Uma internalização genuína de tais raciocínios impõe uma transformação, uma resposta diferente ao mundo da vida cotidiana. Os xamãs descobriram que o impulso inicial dessa transformação sempre ocorre como uma sujeição intelectual a algo que aparenta ser apenas um mero conceito, mas que insuspeitadamente possui tendências poderosas. Isso foi melhor descrito por dom Juan quando ele disse: ” O mundo da vida cotidiana não pode jamais ser considerado uma coisa meramente pessoal, que tenha poder sobre nós, algo que possa nos criar ou nos destruir, porque o campo de batalha do homem não se encontra na sua luta como mundo ao redor. Seu campo de batalha está além do horizonte, numa área que é inimaginável para o homem comum, a área onde o homem deixa de ser homem. Ele explicou essas afirmações , dizendo que era energicamente imperativo os seres humanos entenderem que a única coisa que importa é o seu encontro com o Infinito.
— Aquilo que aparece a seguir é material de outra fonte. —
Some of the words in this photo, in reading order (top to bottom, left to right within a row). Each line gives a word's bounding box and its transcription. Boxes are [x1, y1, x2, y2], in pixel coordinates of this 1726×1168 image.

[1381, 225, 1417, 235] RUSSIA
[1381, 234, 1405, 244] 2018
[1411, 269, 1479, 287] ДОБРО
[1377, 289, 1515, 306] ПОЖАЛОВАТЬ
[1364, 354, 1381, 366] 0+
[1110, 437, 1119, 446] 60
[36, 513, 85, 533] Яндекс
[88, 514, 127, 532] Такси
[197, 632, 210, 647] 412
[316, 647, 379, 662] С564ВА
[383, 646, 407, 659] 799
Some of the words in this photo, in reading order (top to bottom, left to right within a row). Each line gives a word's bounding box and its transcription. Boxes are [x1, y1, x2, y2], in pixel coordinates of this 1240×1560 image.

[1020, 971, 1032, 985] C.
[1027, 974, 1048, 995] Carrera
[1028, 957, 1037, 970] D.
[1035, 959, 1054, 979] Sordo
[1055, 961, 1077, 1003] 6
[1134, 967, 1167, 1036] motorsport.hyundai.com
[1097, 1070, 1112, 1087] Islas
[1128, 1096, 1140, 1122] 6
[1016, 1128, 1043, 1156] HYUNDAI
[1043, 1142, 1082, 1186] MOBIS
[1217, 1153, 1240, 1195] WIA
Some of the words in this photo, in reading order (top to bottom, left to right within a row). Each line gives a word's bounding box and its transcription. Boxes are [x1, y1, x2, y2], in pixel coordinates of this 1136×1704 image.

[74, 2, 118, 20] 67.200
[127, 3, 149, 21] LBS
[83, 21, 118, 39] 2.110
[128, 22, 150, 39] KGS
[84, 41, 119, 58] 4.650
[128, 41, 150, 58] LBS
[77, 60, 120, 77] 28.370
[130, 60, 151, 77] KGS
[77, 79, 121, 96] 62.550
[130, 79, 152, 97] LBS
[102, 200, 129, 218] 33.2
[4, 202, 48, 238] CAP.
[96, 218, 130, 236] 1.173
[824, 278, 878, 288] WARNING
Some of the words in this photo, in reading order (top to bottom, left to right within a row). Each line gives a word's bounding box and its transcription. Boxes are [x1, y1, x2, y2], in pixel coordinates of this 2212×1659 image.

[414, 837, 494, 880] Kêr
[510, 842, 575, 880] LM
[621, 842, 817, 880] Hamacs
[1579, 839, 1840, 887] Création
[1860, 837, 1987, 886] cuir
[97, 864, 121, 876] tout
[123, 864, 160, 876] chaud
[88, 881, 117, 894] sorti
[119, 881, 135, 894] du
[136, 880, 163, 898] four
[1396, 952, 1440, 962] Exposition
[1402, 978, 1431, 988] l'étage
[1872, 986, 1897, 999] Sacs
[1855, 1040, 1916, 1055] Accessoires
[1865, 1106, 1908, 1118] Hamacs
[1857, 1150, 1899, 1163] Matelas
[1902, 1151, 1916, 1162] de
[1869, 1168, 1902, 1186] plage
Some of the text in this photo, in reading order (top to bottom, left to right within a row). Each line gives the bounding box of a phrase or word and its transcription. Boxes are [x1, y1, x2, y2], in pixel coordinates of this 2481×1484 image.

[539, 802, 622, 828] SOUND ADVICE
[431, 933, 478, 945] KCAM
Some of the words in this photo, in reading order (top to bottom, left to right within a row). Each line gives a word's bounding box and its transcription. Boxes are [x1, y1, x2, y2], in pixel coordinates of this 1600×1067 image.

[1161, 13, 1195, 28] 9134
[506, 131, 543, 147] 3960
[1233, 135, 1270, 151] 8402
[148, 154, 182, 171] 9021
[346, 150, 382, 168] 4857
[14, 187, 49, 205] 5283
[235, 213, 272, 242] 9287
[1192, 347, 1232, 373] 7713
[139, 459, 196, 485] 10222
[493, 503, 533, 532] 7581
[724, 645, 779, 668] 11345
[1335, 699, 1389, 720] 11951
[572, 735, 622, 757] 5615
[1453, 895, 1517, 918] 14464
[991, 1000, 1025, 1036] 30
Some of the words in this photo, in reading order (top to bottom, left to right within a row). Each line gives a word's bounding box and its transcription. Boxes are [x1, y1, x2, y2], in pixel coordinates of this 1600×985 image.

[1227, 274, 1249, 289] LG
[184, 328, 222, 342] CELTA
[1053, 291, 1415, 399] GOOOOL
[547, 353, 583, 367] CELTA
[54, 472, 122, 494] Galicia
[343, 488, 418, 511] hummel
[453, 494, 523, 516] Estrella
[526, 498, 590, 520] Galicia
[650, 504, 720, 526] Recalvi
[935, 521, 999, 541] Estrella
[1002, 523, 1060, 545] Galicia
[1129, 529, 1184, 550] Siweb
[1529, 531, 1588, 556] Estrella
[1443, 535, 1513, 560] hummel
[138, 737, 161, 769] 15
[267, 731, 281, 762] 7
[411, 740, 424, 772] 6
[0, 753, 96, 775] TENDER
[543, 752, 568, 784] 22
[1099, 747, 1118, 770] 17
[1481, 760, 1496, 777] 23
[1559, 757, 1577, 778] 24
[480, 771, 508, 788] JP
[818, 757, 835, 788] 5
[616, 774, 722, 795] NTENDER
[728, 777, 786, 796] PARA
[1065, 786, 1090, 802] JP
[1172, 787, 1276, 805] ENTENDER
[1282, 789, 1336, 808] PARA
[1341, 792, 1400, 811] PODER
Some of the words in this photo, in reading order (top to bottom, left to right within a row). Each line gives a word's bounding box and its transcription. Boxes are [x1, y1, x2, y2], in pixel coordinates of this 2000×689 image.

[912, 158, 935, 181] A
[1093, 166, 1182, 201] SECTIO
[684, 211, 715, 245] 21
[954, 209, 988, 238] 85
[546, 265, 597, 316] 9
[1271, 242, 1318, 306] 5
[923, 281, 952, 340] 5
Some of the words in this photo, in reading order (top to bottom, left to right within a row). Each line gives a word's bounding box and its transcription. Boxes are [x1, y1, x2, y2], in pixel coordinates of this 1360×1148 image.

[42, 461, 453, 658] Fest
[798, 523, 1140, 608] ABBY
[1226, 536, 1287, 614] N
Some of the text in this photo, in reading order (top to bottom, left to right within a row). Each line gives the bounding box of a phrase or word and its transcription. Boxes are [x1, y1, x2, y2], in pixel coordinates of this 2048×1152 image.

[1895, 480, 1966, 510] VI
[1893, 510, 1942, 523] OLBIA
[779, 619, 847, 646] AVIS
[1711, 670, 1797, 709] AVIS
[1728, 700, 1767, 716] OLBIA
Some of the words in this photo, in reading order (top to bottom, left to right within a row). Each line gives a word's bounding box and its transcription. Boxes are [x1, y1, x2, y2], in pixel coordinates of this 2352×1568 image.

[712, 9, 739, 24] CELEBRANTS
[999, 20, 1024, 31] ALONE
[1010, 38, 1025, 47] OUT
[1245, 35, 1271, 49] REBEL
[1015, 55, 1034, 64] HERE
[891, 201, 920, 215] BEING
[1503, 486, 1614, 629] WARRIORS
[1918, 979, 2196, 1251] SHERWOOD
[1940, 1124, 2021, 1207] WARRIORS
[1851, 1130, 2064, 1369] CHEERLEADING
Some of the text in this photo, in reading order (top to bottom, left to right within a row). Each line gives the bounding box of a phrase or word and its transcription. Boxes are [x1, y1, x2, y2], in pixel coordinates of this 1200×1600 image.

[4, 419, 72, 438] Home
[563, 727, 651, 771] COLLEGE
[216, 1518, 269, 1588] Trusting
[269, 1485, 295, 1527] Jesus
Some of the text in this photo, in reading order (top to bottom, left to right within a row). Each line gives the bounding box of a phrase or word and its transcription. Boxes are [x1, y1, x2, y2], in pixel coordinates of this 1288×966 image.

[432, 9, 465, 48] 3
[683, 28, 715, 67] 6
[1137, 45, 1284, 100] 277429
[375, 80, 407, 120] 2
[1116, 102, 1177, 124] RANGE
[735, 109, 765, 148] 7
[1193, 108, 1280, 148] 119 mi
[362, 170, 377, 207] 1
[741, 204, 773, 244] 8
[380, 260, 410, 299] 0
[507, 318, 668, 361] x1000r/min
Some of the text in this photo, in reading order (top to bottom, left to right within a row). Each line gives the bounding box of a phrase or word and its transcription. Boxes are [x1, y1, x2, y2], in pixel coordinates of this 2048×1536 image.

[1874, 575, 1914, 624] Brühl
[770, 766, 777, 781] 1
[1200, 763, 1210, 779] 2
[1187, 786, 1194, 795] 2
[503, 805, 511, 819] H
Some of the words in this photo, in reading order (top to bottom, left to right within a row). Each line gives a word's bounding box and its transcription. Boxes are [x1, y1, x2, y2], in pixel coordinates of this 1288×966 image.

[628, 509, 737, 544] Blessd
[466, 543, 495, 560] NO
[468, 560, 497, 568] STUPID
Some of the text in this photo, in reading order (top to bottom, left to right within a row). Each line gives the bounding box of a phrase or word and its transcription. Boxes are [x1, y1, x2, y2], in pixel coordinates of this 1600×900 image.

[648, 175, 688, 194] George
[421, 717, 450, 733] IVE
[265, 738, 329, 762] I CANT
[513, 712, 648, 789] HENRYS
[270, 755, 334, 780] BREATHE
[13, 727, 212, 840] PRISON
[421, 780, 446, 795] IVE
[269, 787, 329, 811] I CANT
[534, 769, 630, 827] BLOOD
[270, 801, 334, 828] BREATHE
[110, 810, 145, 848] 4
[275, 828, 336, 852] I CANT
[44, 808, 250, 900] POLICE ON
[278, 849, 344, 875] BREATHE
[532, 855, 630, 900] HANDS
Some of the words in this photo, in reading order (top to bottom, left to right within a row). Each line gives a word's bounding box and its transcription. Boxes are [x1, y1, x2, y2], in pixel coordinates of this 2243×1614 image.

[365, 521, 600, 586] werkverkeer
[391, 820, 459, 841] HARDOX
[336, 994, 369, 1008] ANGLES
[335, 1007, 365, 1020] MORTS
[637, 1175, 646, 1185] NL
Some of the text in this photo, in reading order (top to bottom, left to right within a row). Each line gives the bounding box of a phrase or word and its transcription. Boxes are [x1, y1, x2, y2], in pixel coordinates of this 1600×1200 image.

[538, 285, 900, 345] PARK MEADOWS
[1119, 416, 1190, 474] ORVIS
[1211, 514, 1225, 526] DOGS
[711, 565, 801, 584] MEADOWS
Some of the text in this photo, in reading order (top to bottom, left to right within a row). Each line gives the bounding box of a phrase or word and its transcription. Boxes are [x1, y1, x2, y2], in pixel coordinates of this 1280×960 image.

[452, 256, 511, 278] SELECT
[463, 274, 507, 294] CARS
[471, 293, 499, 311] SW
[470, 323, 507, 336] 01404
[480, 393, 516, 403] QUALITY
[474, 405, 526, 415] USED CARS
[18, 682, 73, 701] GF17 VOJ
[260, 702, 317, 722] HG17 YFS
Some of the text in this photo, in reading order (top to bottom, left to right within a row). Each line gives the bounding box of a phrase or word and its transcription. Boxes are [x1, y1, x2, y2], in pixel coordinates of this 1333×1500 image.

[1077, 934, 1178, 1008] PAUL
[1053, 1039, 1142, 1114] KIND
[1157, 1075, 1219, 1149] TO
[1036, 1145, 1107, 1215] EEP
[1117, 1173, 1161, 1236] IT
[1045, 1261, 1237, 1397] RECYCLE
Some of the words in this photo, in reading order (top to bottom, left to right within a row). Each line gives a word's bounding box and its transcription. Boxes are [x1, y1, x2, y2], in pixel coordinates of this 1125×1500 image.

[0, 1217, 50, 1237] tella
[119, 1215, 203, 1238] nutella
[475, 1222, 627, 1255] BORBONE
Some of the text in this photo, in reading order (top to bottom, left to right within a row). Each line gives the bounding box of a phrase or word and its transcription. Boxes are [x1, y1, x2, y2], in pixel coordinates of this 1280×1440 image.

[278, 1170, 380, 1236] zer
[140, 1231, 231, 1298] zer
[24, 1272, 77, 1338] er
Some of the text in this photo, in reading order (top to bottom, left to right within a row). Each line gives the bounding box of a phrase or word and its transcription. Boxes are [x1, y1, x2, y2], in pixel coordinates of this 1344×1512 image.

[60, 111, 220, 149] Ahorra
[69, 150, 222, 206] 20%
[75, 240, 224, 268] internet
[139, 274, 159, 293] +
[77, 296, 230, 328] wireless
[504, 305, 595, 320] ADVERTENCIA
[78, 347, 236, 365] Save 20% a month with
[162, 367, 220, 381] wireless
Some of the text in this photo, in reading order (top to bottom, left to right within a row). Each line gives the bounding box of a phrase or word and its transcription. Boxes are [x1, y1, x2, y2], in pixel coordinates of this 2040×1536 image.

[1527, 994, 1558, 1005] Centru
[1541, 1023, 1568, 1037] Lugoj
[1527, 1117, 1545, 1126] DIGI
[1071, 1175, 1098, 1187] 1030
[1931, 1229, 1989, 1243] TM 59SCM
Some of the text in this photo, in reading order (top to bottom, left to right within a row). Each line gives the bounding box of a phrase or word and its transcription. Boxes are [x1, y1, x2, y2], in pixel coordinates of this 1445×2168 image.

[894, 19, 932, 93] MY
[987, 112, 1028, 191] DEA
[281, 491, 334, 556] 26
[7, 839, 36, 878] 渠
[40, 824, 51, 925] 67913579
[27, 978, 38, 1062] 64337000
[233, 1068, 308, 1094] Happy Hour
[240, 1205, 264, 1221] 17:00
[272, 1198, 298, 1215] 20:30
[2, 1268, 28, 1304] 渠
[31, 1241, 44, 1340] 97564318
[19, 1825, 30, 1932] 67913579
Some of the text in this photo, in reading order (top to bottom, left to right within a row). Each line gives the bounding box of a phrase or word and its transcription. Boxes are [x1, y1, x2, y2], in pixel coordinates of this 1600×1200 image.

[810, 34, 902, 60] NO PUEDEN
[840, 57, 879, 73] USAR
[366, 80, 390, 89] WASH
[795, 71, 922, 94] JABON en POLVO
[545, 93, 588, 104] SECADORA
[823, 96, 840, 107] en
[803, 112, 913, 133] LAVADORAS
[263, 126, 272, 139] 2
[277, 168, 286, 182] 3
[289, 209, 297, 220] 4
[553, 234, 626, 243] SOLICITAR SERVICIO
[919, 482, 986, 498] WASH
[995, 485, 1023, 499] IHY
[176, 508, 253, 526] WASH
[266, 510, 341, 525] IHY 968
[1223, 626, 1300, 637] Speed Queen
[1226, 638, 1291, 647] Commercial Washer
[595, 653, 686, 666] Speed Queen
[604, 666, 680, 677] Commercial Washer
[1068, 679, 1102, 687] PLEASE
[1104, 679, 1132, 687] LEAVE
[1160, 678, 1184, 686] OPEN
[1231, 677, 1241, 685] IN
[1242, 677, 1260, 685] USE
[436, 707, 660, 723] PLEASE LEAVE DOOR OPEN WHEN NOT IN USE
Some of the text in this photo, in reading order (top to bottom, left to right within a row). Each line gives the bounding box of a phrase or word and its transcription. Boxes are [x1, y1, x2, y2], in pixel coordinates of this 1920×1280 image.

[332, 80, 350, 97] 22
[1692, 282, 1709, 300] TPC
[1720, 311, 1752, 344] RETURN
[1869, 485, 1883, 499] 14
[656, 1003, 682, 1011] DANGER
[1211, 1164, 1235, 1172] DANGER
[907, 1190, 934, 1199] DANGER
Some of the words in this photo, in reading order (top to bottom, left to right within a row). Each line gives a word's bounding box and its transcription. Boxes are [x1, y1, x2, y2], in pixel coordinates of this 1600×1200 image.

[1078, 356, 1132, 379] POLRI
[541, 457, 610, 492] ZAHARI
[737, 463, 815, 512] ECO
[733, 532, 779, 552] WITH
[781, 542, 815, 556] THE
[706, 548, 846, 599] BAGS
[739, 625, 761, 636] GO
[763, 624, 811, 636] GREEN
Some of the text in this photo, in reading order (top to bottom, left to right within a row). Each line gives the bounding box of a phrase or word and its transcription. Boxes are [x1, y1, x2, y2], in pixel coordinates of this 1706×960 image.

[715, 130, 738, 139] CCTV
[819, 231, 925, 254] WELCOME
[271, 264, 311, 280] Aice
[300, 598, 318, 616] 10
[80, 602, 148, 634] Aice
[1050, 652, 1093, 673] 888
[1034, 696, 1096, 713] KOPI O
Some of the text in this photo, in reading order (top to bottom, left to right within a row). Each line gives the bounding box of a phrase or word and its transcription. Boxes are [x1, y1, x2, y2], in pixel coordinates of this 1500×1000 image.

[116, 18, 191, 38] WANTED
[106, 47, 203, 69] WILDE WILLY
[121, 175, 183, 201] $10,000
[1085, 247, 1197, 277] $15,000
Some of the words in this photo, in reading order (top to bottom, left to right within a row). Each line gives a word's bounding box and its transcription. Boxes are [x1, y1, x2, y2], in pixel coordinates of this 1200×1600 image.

Naquela época eu não atinava que dom Juan estava descrevendo algo que chamava de ´fato energético´, e não uma descrição teórica atraente. Fatos energéticos, para ele, eram conclusões a que ele e outros xamãs de sua linhagem chegaram quando se engajaram na função que eles chamam VER, ou seja, o ato de perceber energia diretamente, enquanto ela flui no universo. A capacidade de perceber energia dessa forma é um dos pontos culminantes do xamanismo de dom Juan.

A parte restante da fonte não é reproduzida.